Prophylactic or very early CPAP compared to mechanical ventilation

There was probably a reduction in the incidence of BPD at 36 weeks (RR 0.89, 95% CI 0.8 to 0.99; RD -0.04, 95% CI -0.08 to 0.00; 3 studies, 2150 infants; moderate certainty evidence); and death or BPD (RR 0.89, 95% CI 0.81 to 0.97; RD -0.05, 95% CI -0.09 to 0.01; 3 studies, 2358 infants; moderate certainty evidence). There was also probably a reduction in the need for mechanical ventilation (failed treatment) (RR 0.49, 95% CI 0.45 to 0.54; RD -0.50, 95% CI -0.54 to -0.45; 2 studies, 1042 infants; moderate certainty evidence). There was probably a reduction in the incidence of death (RR 0.82, 95% CI 0.66 to 1.03; 3 studies, 2358 infants; moderate certainty evidence); pulmonary air leak (pneumothorax) (RR 1.24, 95% CI 0.91 to 1.69; 3 studies, 2357 infants; low certainty evidence); and IVH Grade 3 or 4 (RR 1.09, 95% CI 0.86 to 1.39; 3 studies, 2301 infants; moderate certainty evidence). One study in this comparison reported that there was probably little or no difference between the groups in the incidence of neurodevelopmental impairment at 18 to 22 months (RR 0.91, 95% CI 0.62 to 1.32; 976 infants; moderate certainty evidence).

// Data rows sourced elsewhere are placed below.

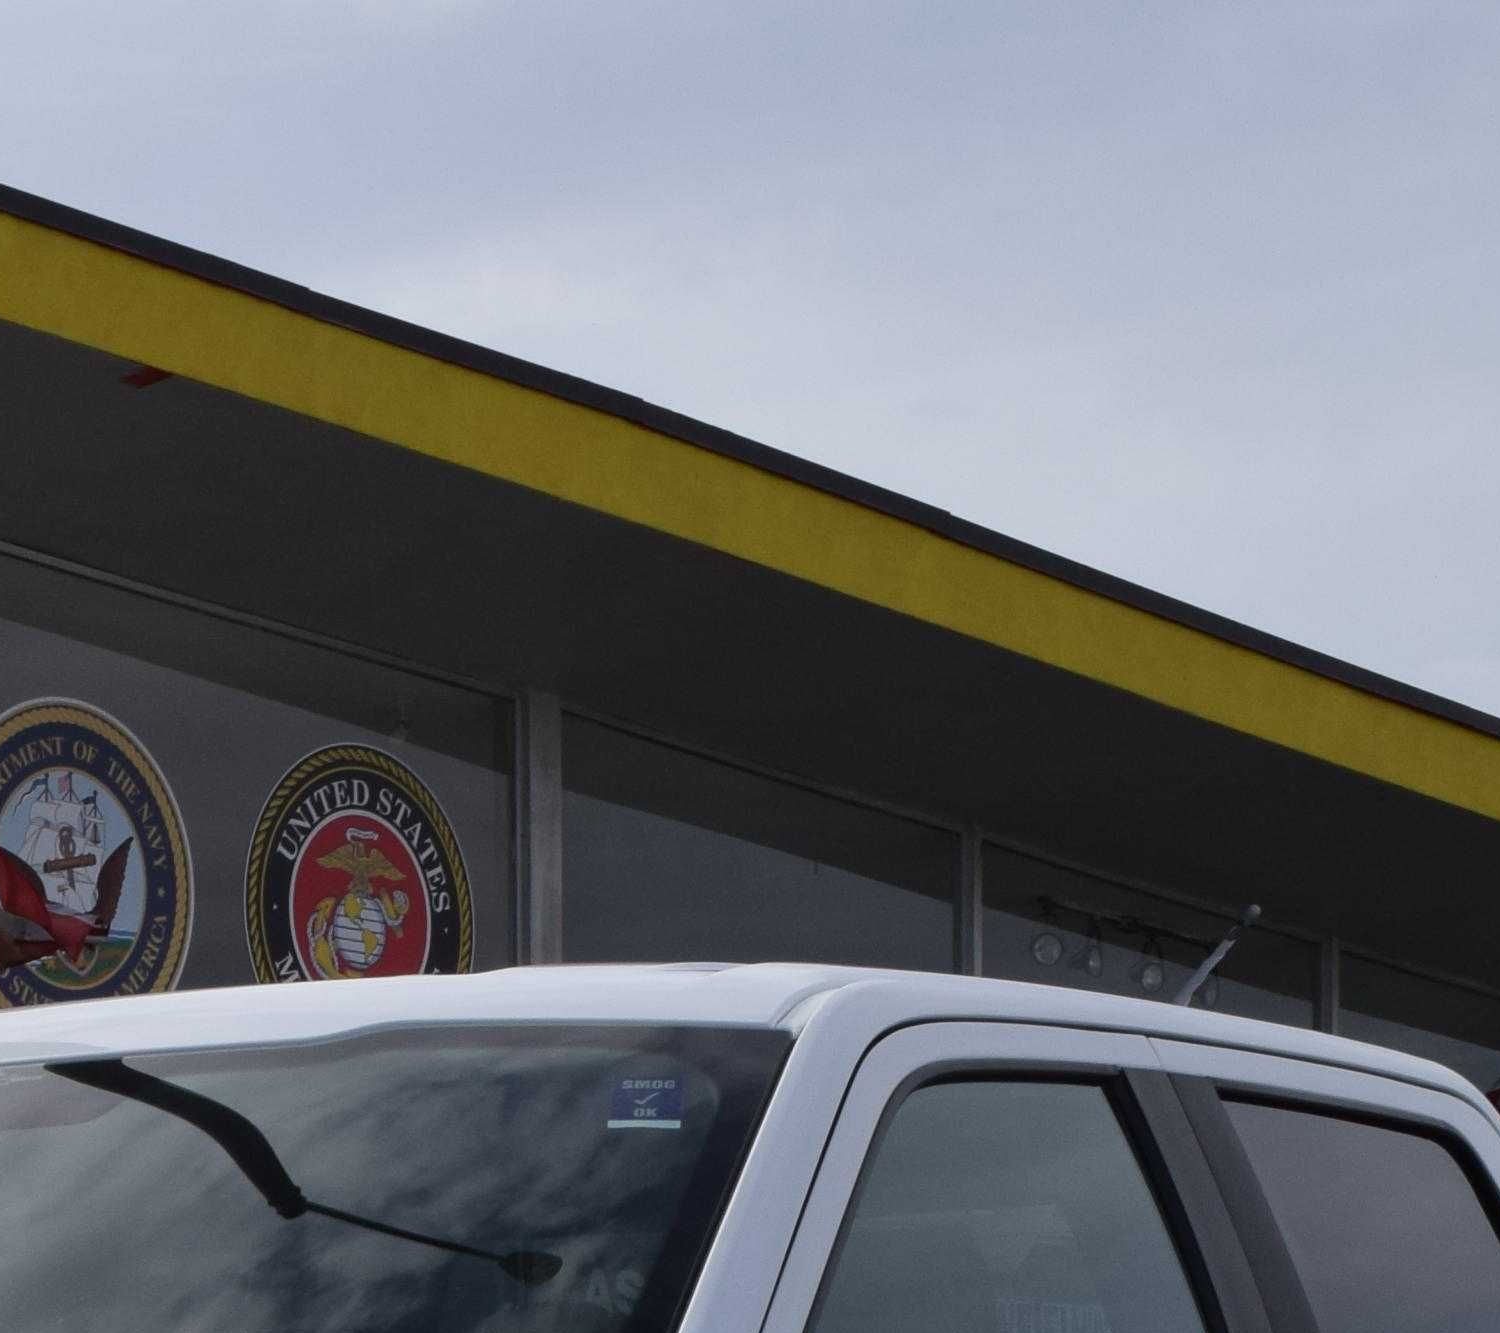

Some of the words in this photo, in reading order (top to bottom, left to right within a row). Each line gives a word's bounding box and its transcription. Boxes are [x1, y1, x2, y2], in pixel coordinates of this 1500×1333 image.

[73, 739, 98, 763] OF
[108, 757, 142, 802] THE
[137, 805, 169, 871] NAVY
[277, 779, 370, 861] UNITED
[376, 787, 450, 914] STATES
[622, 1079, 676, 1090] SMOG
[633, 1108, 658, 1118] OK

Prophylactic CPAP compared with very early CPAP

There was one study in this comparison. We are very uncertain whether there is any difference in the incidence of BPD (RR 0.5, 95% CI 0.05 to 5.27; very low certainty evidence). The combined outcome of death and BPD was not reported, and failed treatment was reported but without data. There may have been little to no effect on death (RR 0.75, 95% CI 0.29 to1.94; 1 study, 72 infants; very low certainty evidence). Intraventricular haemorrhage Grade 3 or 4 and neurodevelopmental outcomes were not reported in this study. Pulmonary air leak (pneumothorax) was reported in this study, but there were no events in either group.